GIVEN ENTRIES »
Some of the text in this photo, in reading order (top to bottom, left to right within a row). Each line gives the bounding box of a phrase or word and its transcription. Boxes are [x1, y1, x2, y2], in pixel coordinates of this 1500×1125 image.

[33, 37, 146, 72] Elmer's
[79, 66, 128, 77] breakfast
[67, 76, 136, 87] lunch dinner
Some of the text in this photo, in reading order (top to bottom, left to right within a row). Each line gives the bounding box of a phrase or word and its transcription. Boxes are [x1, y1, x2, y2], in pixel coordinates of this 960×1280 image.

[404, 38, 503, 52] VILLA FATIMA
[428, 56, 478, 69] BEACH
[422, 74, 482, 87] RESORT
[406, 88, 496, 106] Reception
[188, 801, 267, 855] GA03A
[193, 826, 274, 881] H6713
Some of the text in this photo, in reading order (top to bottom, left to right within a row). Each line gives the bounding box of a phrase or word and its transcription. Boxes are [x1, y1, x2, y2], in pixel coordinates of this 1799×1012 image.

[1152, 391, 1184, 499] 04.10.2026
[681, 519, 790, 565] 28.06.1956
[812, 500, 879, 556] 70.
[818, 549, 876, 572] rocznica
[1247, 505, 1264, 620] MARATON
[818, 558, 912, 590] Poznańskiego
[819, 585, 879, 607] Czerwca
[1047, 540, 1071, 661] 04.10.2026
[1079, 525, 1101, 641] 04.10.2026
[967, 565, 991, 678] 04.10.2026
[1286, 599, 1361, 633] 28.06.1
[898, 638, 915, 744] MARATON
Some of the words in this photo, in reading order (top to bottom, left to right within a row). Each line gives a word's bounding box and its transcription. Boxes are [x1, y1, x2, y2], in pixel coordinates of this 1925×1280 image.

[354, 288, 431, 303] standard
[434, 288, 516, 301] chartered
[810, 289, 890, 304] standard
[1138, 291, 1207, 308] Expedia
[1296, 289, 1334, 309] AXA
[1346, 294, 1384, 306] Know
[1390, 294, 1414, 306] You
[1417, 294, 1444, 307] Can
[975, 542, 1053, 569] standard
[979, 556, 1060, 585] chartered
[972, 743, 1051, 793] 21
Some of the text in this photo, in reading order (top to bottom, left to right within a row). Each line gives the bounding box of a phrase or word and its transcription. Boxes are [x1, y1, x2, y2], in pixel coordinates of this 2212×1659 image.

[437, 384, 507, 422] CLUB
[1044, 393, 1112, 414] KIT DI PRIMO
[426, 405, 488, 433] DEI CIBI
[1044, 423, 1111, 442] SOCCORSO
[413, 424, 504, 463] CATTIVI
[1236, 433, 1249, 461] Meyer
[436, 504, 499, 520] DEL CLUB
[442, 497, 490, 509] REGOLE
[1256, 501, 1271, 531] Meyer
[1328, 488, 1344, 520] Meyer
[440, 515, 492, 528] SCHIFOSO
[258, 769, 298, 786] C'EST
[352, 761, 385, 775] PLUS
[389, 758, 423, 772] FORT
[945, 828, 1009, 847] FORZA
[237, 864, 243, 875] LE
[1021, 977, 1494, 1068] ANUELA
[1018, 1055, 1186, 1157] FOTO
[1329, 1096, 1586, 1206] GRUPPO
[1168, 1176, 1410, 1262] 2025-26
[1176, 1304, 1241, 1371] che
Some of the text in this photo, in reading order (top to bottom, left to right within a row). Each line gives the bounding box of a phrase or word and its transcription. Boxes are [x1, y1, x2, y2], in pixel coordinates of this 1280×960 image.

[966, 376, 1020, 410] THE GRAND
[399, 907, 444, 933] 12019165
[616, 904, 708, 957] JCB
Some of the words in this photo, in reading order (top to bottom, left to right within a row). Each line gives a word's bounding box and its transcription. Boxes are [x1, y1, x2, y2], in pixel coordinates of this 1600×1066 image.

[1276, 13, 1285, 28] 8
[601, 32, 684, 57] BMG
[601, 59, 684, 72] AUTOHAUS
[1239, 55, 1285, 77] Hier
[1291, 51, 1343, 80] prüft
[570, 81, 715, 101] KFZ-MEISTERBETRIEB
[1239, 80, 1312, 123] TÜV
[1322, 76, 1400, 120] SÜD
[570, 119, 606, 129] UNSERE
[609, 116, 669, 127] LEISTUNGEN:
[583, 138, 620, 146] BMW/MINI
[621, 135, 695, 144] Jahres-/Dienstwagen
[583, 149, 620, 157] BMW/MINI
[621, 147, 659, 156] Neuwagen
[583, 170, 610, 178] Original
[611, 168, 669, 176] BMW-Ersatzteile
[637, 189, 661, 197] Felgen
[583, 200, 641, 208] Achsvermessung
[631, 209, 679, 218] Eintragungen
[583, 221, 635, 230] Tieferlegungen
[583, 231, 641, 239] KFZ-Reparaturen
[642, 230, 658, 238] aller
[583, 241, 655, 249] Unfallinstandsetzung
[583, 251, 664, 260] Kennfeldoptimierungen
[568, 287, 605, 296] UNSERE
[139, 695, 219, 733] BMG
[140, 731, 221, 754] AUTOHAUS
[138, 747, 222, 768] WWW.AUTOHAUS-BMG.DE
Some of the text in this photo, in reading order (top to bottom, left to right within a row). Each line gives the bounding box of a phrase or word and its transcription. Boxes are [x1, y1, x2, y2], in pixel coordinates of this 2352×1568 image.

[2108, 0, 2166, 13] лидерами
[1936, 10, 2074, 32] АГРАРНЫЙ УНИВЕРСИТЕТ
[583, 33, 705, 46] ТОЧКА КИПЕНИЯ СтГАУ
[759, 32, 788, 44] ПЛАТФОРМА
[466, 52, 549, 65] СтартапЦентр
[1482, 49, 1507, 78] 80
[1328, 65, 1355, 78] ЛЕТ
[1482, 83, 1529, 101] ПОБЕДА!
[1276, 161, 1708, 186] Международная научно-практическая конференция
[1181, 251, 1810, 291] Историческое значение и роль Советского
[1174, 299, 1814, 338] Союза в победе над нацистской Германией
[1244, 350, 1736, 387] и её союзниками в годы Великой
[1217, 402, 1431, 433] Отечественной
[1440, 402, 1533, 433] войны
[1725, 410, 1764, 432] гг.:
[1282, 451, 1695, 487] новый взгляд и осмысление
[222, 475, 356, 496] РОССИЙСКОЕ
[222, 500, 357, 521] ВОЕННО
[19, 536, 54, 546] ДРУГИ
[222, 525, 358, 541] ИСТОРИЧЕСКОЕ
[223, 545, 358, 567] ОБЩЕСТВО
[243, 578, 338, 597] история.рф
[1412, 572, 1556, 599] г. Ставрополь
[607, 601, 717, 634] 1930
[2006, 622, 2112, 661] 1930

WHAT THE EXERCISE ASKS » Please repeat the material in full, keeping it exact.

YOUR RESPONSE »
Some of the text in this photo, in reading order (top to bottom, left to right within a row). Each line gives the bounding box of a phrase or word and its transcription. Boxes are [x1, y1, x2, y2], in pixel coordinates of this 1500×1125 image.

[33, 37, 146, 72] Elmer's
[79, 66, 128, 77] breakfast
[67, 76, 136, 87] lunch dinner
Some of the text in this photo, in reading order (top to bottom, left to right within a row). Each line gives the bounding box of a phrase or word and its transcription. Boxes are [x1, y1, x2, y2], in pixel coordinates of this 960×1280 image.

[404, 38, 503, 52] VILLA FATIMA
[428, 56, 478, 69] BEACH
[422, 74, 482, 87] RESORT
[406, 88, 496, 106] Reception
[188, 801, 267, 855] GA03A
[193, 826, 274, 881] H6713
Some of the text in this photo, in reading order (top to bottom, left to right within a row). Each line gives the bounding box of a phrase or word and its transcription. Boxes are [x1, y1, x2, y2], in pixel coordinates of this 1799×1012 image.

[1152, 391, 1184, 499] 04.10.2026
[681, 519, 790, 565] 28.06.1956
[812, 500, 879, 556] 70.
[818, 549, 876, 572] rocznica
[1247, 505, 1264, 620] MARATON
[818, 558, 912, 590] Poznańskiego
[819, 585, 879, 607] Czerwca
[1047, 540, 1071, 661] 04.10.2026
[1079, 525, 1101, 641] 04.10.2026
[967, 565, 991, 678] 04.10.2026
[1286, 599, 1361, 633] 28.06.1
[898, 638, 915, 744] MARATON
Some of the words in this photo, in reading order (top to bottom, left to right within a row). Each line gives a word's bounding box and its transcription. Boxes are [x1, y1, x2, y2], in pixel coordinates of this 1925×1280 image.

[354, 288, 431, 303] standard
[434, 288, 516, 301] chartered
[810, 289, 890, 304] standard
[1138, 291, 1207, 308] Expedia
[1296, 289, 1334, 309] AXA
[1346, 294, 1384, 306] Know
[1390, 294, 1414, 306] You
[1417, 294, 1444, 307] Can
[975, 542, 1053, 569] standard
[979, 556, 1060, 585] chartered
[972, 743, 1051, 793] 21
Some of the text in this photo, in reading order (top to bottom, left to right within a row). Each line gives the bounding box of a phrase or word and its transcription. Boxes are [x1, y1, x2, y2], in pixel coordinates of this 2212×1659 image.

[437, 384, 507, 422] CLUB
[1044, 393, 1112, 414] KIT DI PRIMO
[426, 405, 488, 433] DEI CIBI
[1044, 423, 1111, 442] SOCCORSO
[413, 424, 504, 463] CATTIVI
[1236, 433, 1249, 461] Meyer
[436, 504, 499, 520] DEL CLUB
[442, 497, 490, 509] REGOLE
[1256, 501, 1271, 531] Meyer
[1328, 488, 1344, 520] Meyer
[440, 515, 492, 528] SCHIFOSO
[258, 769, 298, 786] C'EST
[352, 761, 385, 775] PLUS
[389, 758, 423, 772] FORT
[945, 828, 1009, 847] FORZA
[237, 864, 243, 875] LE
[1021, 977, 1494, 1068] ANUELA
[1018, 1055, 1186, 1157] FOTO
[1329, 1096, 1586, 1206] GRUPPO
[1168, 1176, 1410, 1262] 2025-26
[1176, 1304, 1241, 1371] che
Some of the text in this photo, in reading order (top to bottom, left to right within a row). Each line gives the bounding box of a phrase or word and its transcription. Boxes are [x1, y1, x2, y2], in pixel coordinates of this 1280×960 image.

[966, 376, 1020, 410] THE GRAND
[399, 907, 444, 933] 12019165
[616, 904, 708, 957] JCB
Some of the words in this photo, in reading order (top to bottom, left to right within a row). Each line gives a word's bounding box and its transcription. Boxes are [x1, y1, x2, y2], in pixel coordinates of this 1600×1066 image.

[1276, 13, 1285, 28] 8
[601, 32, 684, 57] BMG
[601, 59, 684, 72] AUTOHAUS
[1239, 55, 1285, 77] Hier
[1291, 51, 1343, 80] prüft
[570, 81, 715, 101] KFZ-MEISTERBETRIEB
[1239, 80, 1312, 123] TÜV
[1322, 76, 1400, 120] SÜD
[570, 119, 606, 129] UNSERE
[609, 116, 669, 127] LEISTUNGEN:
[583, 138, 620, 146] BMW/MINI
[621, 135, 695, 144] Jahres-/Dienstwagen
[583, 149, 620, 157] BMW/MINI
[621, 147, 659, 156] Neuwagen
[583, 170, 610, 178] Original
[611, 168, 669, 176] BMW-Ersatzteile
[637, 189, 661, 197] Felgen
[583, 200, 641, 208] Achsvermessung
[631, 209, 679, 218] Eintragungen
[583, 221, 635, 230] Tieferlegungen
[583, 231, 641, 239] KFZ-Reparaturen
[642, 230, 658, 238] aller
[583, 241, 655, 249] Unfallinstandsetzung
[583, 251, 664, 260] Kennfeldoptimierungen
[568, 287, 605, 296] UNSERE
[139, 695, 219, 733] BMG
[140, 731, 221, 754] AUTOHAUS
[138, 747, 222, 768] WWW.AUTOHAUS-BMG.DE
Some of the text in this photo, in reading order (top to bottom, left to right within a row). Each line gives the bounding box of a phrase or word and its transcription. Boxes are [x1, y1, x2, y2], in pixel coordinates of this 2352×1568 image.

[2108, 0, 2166, 13] лидерами
[1936, 10, 2074, 32] АГРАРНЫЙ УНИВЕРСИТЕТ
[583, 33, 705, 46] ТОЧКА КИПЕНИЯ СтГАУ
[759, 32, 788, 44] ПЛАТФОРМА
[466, 52, 549, 65] СтартапЦентр
[1482, 49, 1507, 78] 80
[1328, 65, 1355, 78] ЛЕТ
[1482, 83, 1529, 101] ПОБЕДА!
[1276, 161, 1708, 186] Международная научно-практическая конференция
[1181, 251, 1810, 291] Историческое значение и роль Советского
[1174, 299, 1814, 338] Союза в победе над нацистской Германией
[1244, 350, 1736, 387] и её союзниками в годы Великой
[1217, 402, 1431, 433] Отечественной
[1440, 402, 1533, 433] войны
[1725, 410, 1764, 432] гг.:
[1282, 451, 1695, 487] новый взгляд и осмысление
[222, 475, 356, 496] РОССИЙСКОЕ
[222, 500, 357, 521] ВОЕННО
[19, 536, 54, 546] ДРУГИ
[222, 525, 358, 541] ИСТОРИЧЕСКОЕ
[223, 545, 358, 567] ОБЩЕСТВО
[243, 578, 338, 597] история.рф
[1412, 572, 1556, 599] г. Ставрополь
[607, 601, 717, 634] 1930
[2006, 622, 2112, 661] 1930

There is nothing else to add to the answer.